My femur was smashed pretty badly into 5 pieces, they think I hit the brake as it hit the tree and my femur came into contact with the steering wheel from beneath it. That shows you how hard the car hit the tree and the forces involved. If the dashboard or seat would have shifted as in most other vehicles in this level of crash and made contact, I would have ended up with smashed knees, pelvis, goodness knows what else. 

The seatbelts are also sensational, I was told most people in accidents at half the speed would definately have had cracked/broken ribs and other issues due to load on the belts... not in the Phaeton! I also don't know why other cars don't include dual pre-tensioners as standard as this clearly kept me firmly in the seat and probably contributed to protecting my spine from damage. I know the old s-class's used to have them. 

Oli


----------



## dlouie (Oct 31, 2008)

Glad you are ok Oliver. I thought the newer Phaetons did away with the dual pre-tensioners. Can anyone confirm this? 

Damon


----------



## EnglishPhaeton (Dec 6, 2010)

dlouie said:


> Glad you are ok Oliver. I thought the newer Phaetons did away with the dual pre-tensioners. Can anyone confirm this?
> 
> Damon


 Quite correct Damon, form about 2008 I think.  

Stu


----------



## OliverG (Jan 30, 2012)

I am pretty sure the dual pre-tensioners still come with the 18-way seats, but would be grateful if someone could confirm


----------



## Realist42 (May 14, 2006)

OliverG said:


> I am pretty sure the dual pre-tensioners still come with the 18-way seats, but would be grateful if someone could confirm


 Hi Oliver, 


Glad you are intact... 

As for seats and seat belts, the GP0 and GP1 (first face lift) had the double roll - double pretensioner setup, as of the GP2 (so late 2009) they have adopted a more standardised setup with a single roll and pre tensioner, with the clasp/catch floating rather than fixed. I believe the reasons were to make the seat cheaper to manufacture (supplier also changed at this point) and it also saved significant weight on the seat (I think it was in the region of 10-15kg per seat). 

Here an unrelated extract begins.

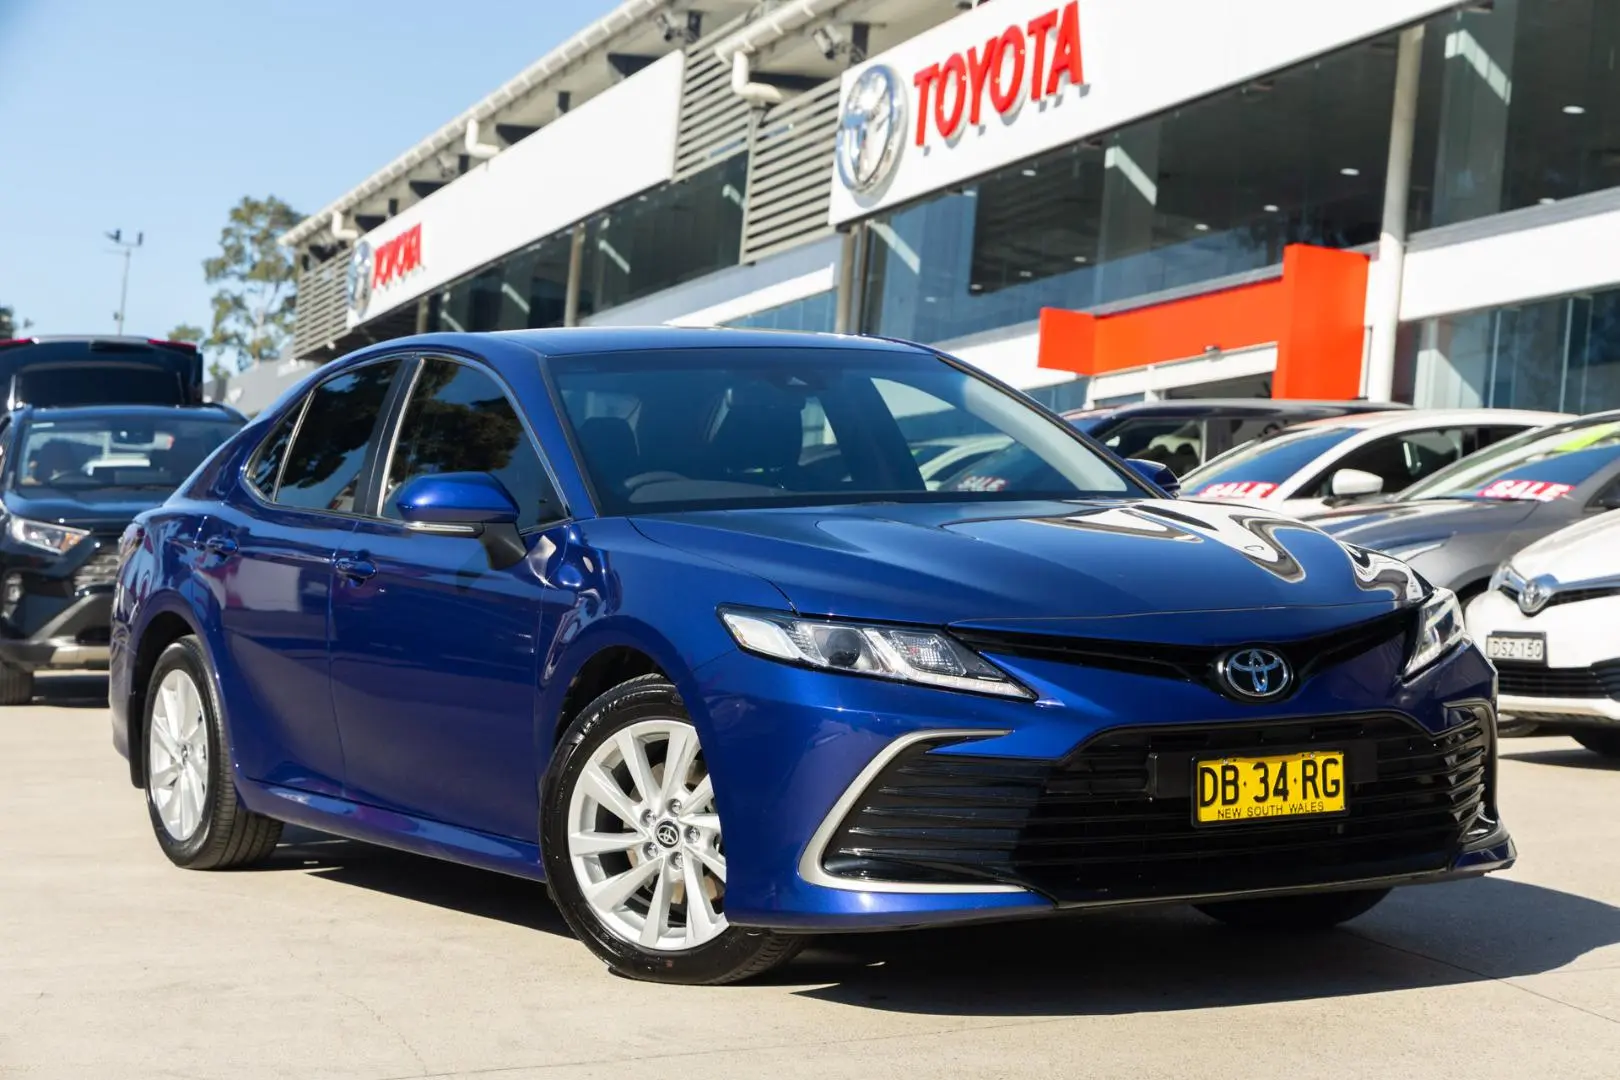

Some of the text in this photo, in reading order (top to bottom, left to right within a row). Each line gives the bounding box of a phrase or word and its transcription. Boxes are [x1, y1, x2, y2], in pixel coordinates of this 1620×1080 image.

The official reason was that the old seats had a tendency to squeak and or rattle, whereas this is not the case with the new arrangement (there is some truth here, but I suspect cost was the main driver) 

Not sure this will make the seats any less safe than the old ones, having both, I can see good and bad things with both... 

(as an aside, the massage function is not as strong on the newer seats) 

Regards, 

Johan


----------



## Realist42 (May 14, 2006)

Realist42 said:


> Hi Oliver,
> 
> 
> Glad you are intact...
> ...


 ...just a thought, one for others to chime in on, I think that 'load limiting' pre-tensioners was the thing that was the saving grace here, the fact that there were two rolls with pre-tensioners is more an artefact of the design of the comfort seat... Or is that what made the difference? Just asking as the dual roll arrangement is not available any more, and I suspect we all like to know if the older cars are safer than the newer ones. 

Regards, 

Johan


----------



## OliverG (Jan 30, 2012)

thanks for clarifying that Stu, Damon & Johan, appreciate your help 

Out of interest I wonder if there are any other cost cutting areas that may (or may not) have any bearing on the safety of the vehicle through the different model years


----------



## Prince Ludwig (Mar 24, 2007)

I doubt anything structural will have been changed between model years as it would incur far too much cost. 

Harry


----------



## tynee (Dec 19, 2007)

*Tires*

I agree with the tire comments. I purchased mine with crap Chinese rubber, and they fell apart and made a terrible rumbling. I went with the Yokohama Advan Sports and love them. Good tires are money well spent. Enjoy your new ride, us U.S. owners are envious of your diesels. 

Good luck with your rehab too; a Porsche fractured my femur for me, if I was in my Phaeton he would have surely lost that battle  I'm guessing you have a titanium rod and pins now. I'm sure they did a good job and you'll be running in no time!


----------



## OliverG (Jan 30, 2012)

Cheers Andrew 

you're right... a titanium rod and pins.. hope to be skiing by year end!


----------



## PanEuropean (Nov 3, 2001)

tynee said:


> ...I went with the Yokohama Advan Sports and love them...


 Me too, +1 to the above comment. 

For those of us with the 'heavy' Phaetons (V10 and W12 engines), a good way to start looking for potentially suitable replacement tires is to see what is offered for the Bentley Continental GT and Continental Flying Spur, and then check to see if those tires conform to the size and load rating specifications published for the Phaeton. 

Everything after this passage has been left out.